Acting Out Synthesis- class activity

from ENGL110: Writing Identities, General Section themed around writing as identity formation, Brett Seekford - see full syllabus here. 
Brett has provided both in-person  and zoom versions of this class activity, below. 

Academic Synthesis: Acting It Out (in-person version)

In your peer groups, read the following articles on the issue of political correctness:

Afterward, two group members need to volunteer to represent each author’s point of view while the third member will be the great synthesizer, putting these two disparate perspectives together and offering his or her own response.

Groups will perform their roles for the class. Feel free to practice your roles once or twice. You may even choose to write a short skit if you find it easier to follow a script.

Your groups will be responding to the following claim:

College campuses cultivate oversensitivity among students and therefore detract from a sense of cohesion among peers on campus.
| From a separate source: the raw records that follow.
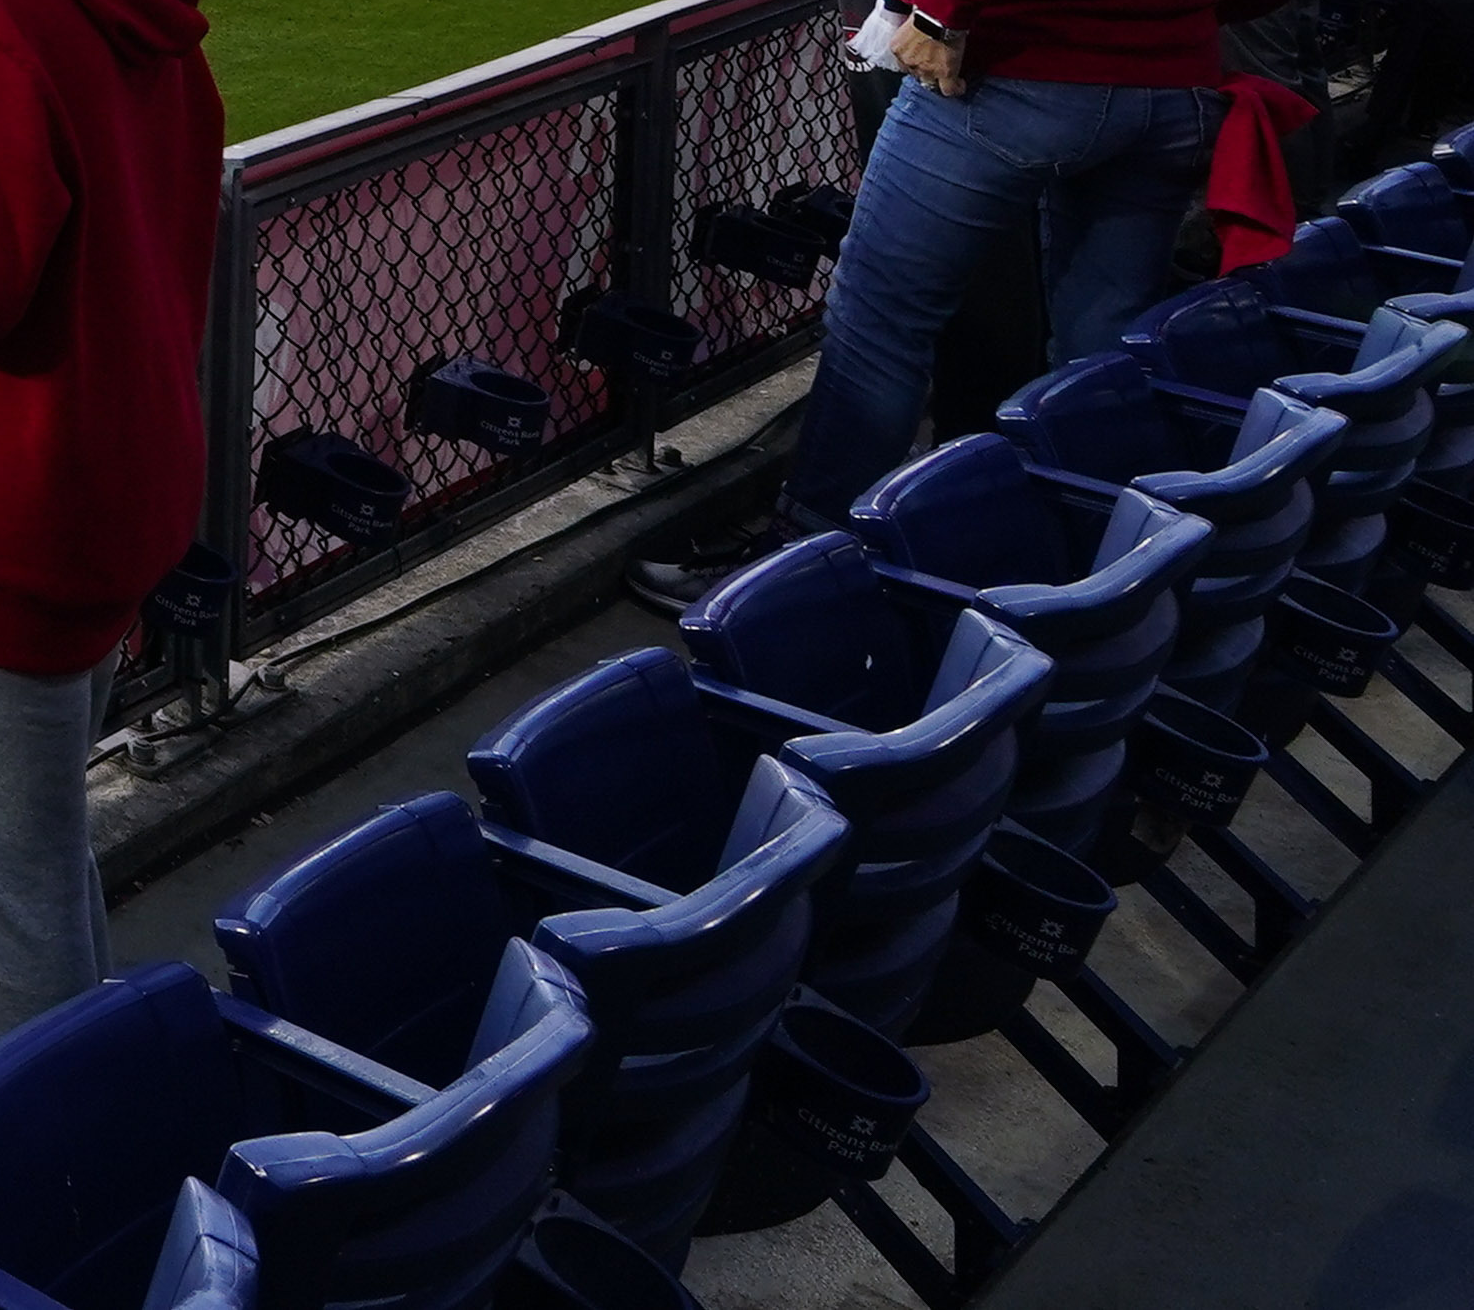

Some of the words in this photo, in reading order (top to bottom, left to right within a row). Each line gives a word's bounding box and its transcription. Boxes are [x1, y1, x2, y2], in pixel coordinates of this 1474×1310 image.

[480, 419, 520, 439] Citizens
[497, 435, 521, 447] Park
[330, 502, 371, 528] Citizens
[347, 522, 372, 536] Park
[154, 593, 197, 619] Citizens
[173, 613, 198, 627] Park
[1317, 666, 1350, 682] Park
[1155, 766, 1217, 804] Citizens
[1180, 790, 1215, 811] Park
[1017, 940, 1055, 964] Park
[796, 1107, 867, 1152] Citizens
[826, 1138, 866, 1164] Park
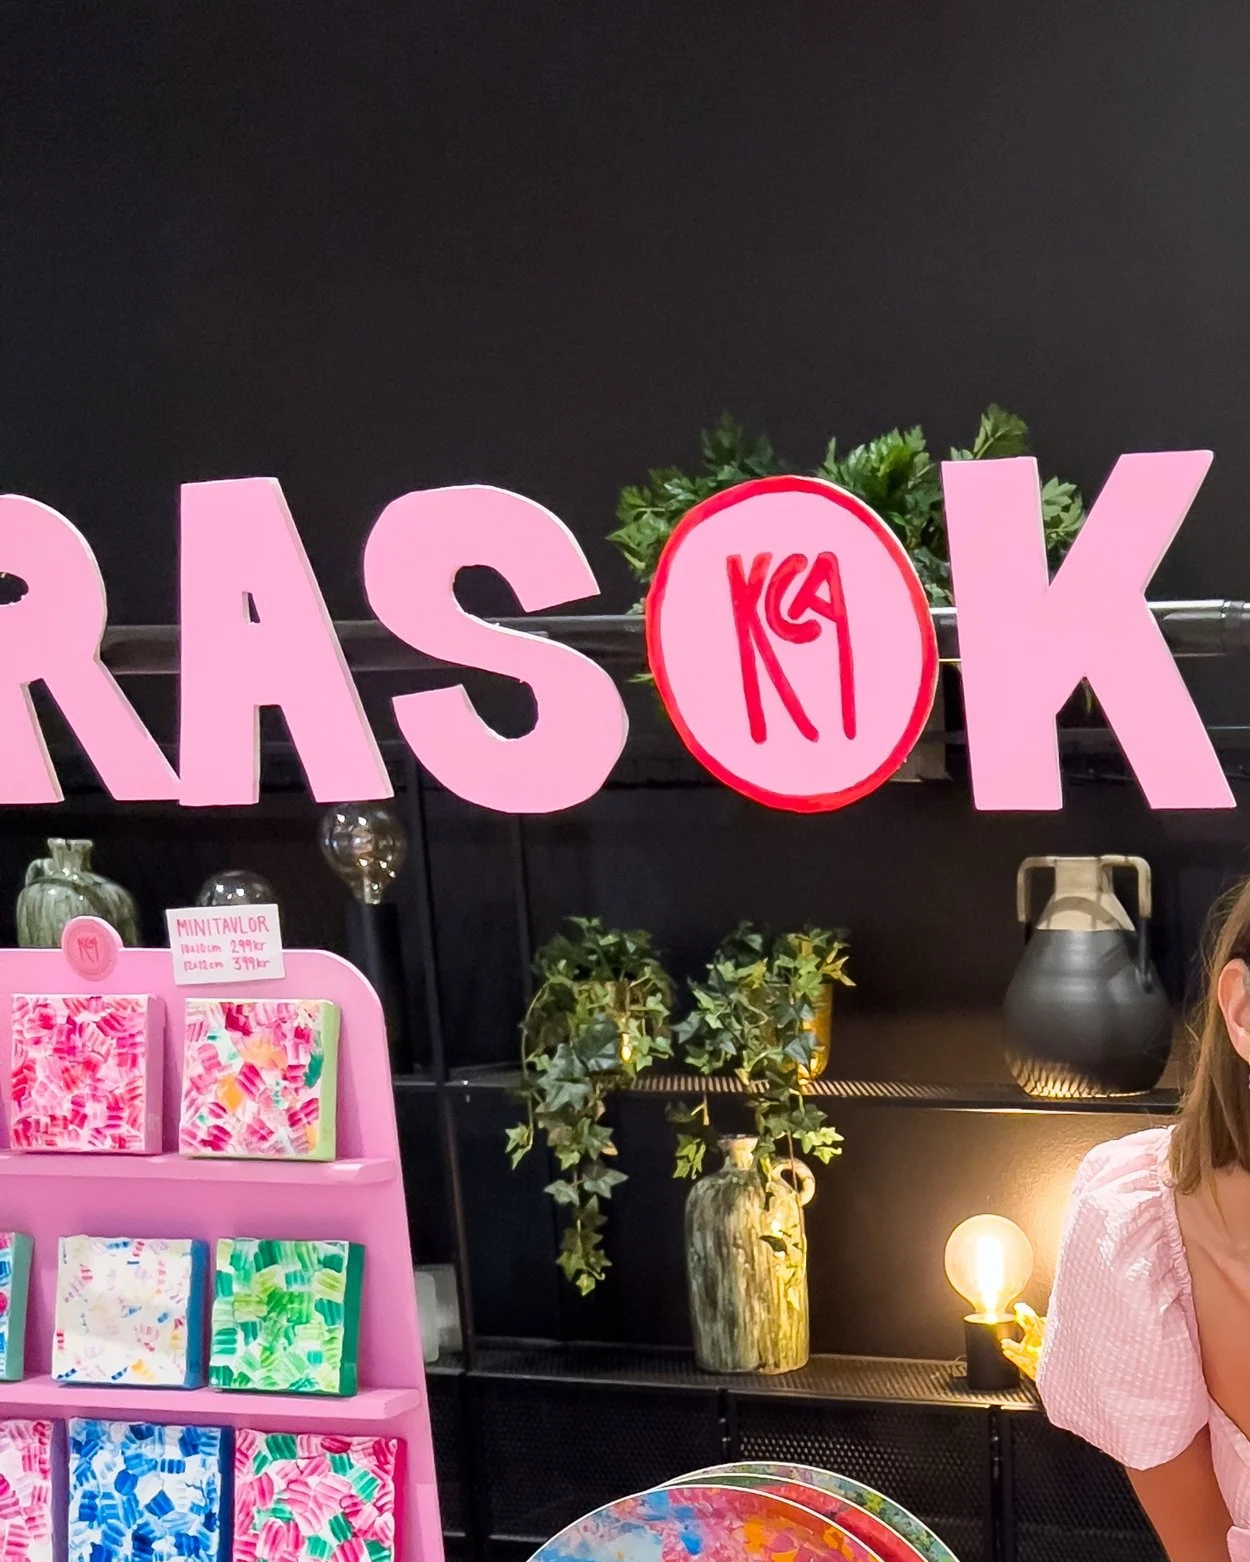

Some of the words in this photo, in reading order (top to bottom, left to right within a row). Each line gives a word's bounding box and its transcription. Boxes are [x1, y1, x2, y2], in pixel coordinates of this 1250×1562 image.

Academic Synthesis: Acting It Out (Zoom version)

In your new peer groups, efficiently read the following articles on the issue of “political correctness”:

To think about this topic and use academic synthesis to engage the authors’ central claims, two group members need to volunteer to represent each author’s point of view à la a Lincoln-Douglas debate while the third member will be the great synthesizer, putting these two different perspectives together and offering their own response out of the conversation that they construct.

For groups of four, two people should collaborate on writing the concluding synthesis part of the skit. One of the synthesizers should read the section where the two articles are being synthesized while the other synthesizer should read the response. This activity is a collaborative effort across the board, though; everyone should be sharing their work with each other to foster a coherent sense of dialogue.

To prepare, write a brief skit with your group that you’ll perform for the class. Using Zoom, record your performance of the skit—or “debate”—and upload it to the Canvas discussion board for the class to view. We will discuss them at the beginning of class on Thursday, April 23rd. Please also view the other groups’ videos and comment individually with your thoughts on the strengths and weaknesses of the attempts at synthesis on at least one post. Students in the past have found it incredibly helpful to hear and see synthesis happening off the page.These skits are due on the Canvas discussion board at the end of class on April 21st.